### Data extracts
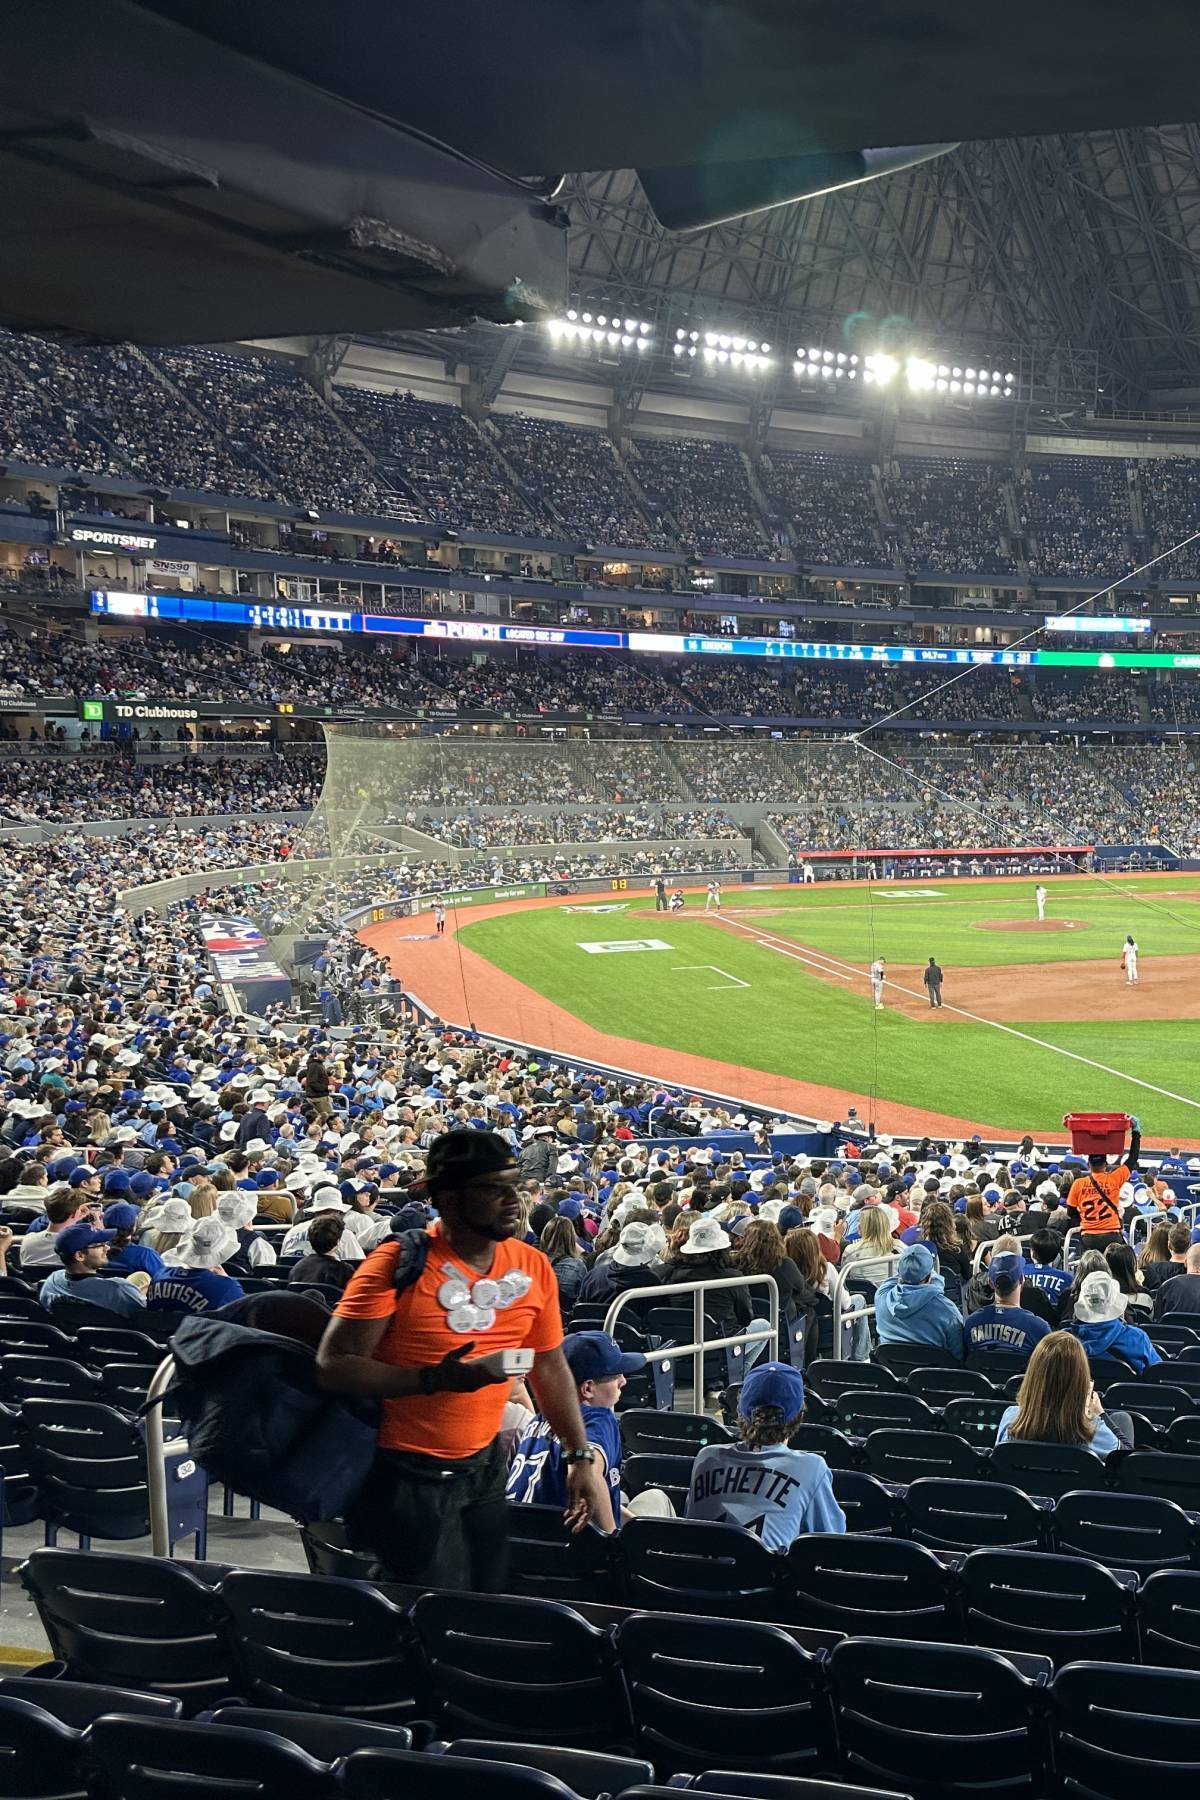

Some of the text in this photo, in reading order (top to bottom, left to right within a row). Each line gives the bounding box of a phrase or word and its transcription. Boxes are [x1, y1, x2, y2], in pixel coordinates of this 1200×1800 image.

[72, 529, 157, 549] SPORTSNET
[115, 706, 198, 718] TD Clubhouse
[1082, 1199, 1113, 1220] 22
[970, 1323, 1027, 1348] BAUTISTA
[180, 1462, 192, 1475] 32
[693, 1466, 801, 1509] BICHETTE
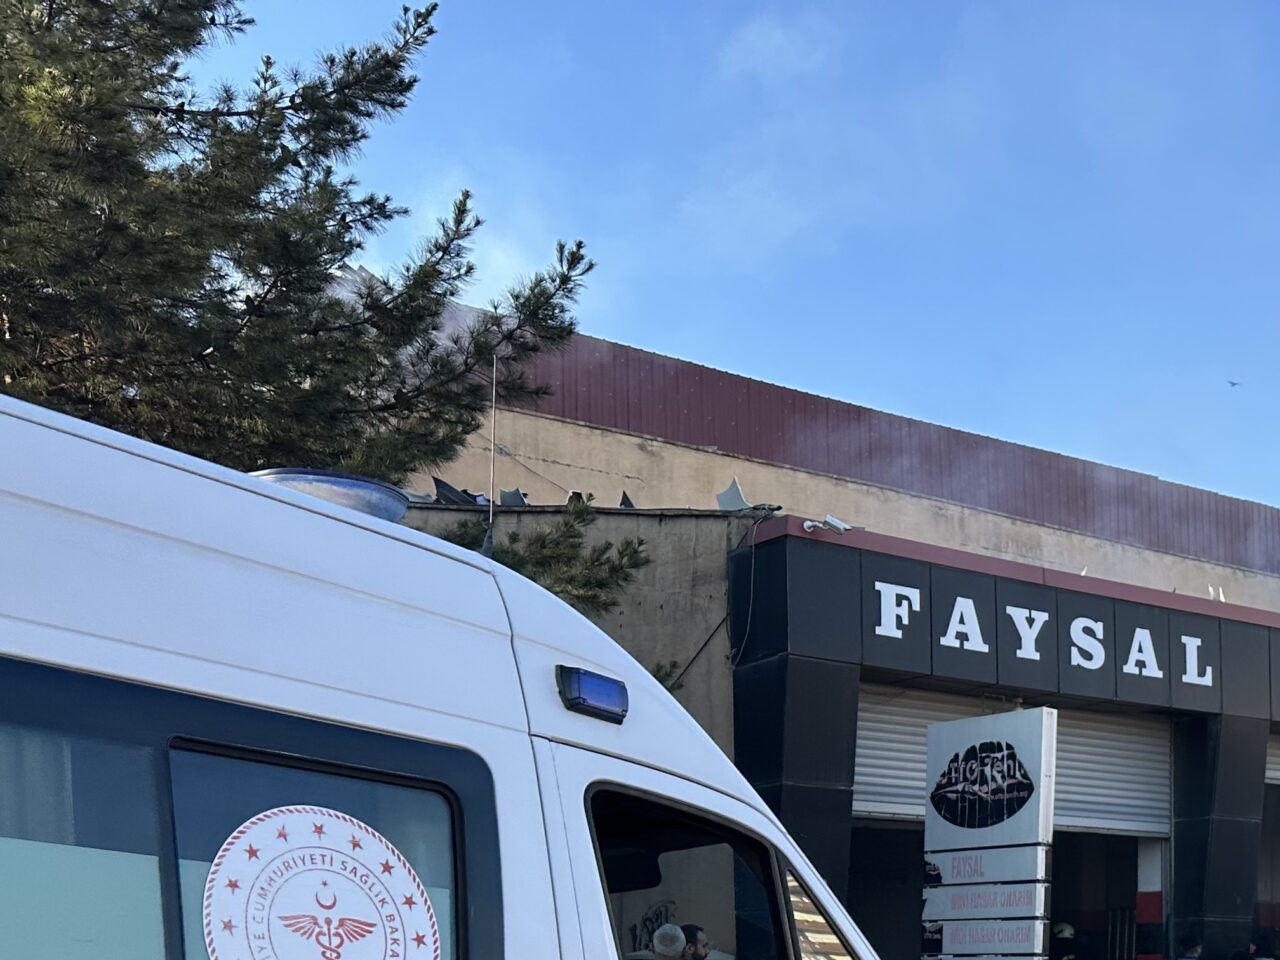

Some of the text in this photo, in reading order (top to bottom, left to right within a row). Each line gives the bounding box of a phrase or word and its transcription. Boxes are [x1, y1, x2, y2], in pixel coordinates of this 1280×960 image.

[874, 580, 1213, 687] FAYSAL
[252, 852, 336, 925] CUMHURİYETİ
[339, 859, 390, 910] SAĞLIK
[951, 855, 985, 879] FAYSAL

### Task brief
With the images left out, set down each record exactly as it appears.

### Answer for this exercise
Some of the text in this photo, in reading order (top to bottom, left to right within a row). Each line gives the bounding box of a phrase or word and its transcription. Boxes are [x1, y1, x2, y2], in pixel coordinates of this 1200×1800 image.

[72, 529, 157, 549] SPORTSNET
[115, 706, 198, 718] TD Clubhouse
[1082, 1199, 1113, 1220] 22
[970, 1323, 1027, 1348] BAUTISTA
[180, 1462, 192, 1475] 32
[693, 1466, 801, 1509] BICHETTE

Some of the text in this photo, in reading order (top to bottom, left to right within a row). Each line gives the bounding box of a phrase or word and its transcription. Boxes are [x1, y1, x2, y2], in pixel coordinates of this 1280×960 image.

[874, 580, 1213, 687] FAYSAL
[252, 852, 336, 925] CUMHURİYETİ
[339, 859, 390, 910] SAĞLIK
[951, 855, 985, 879] FAYSAL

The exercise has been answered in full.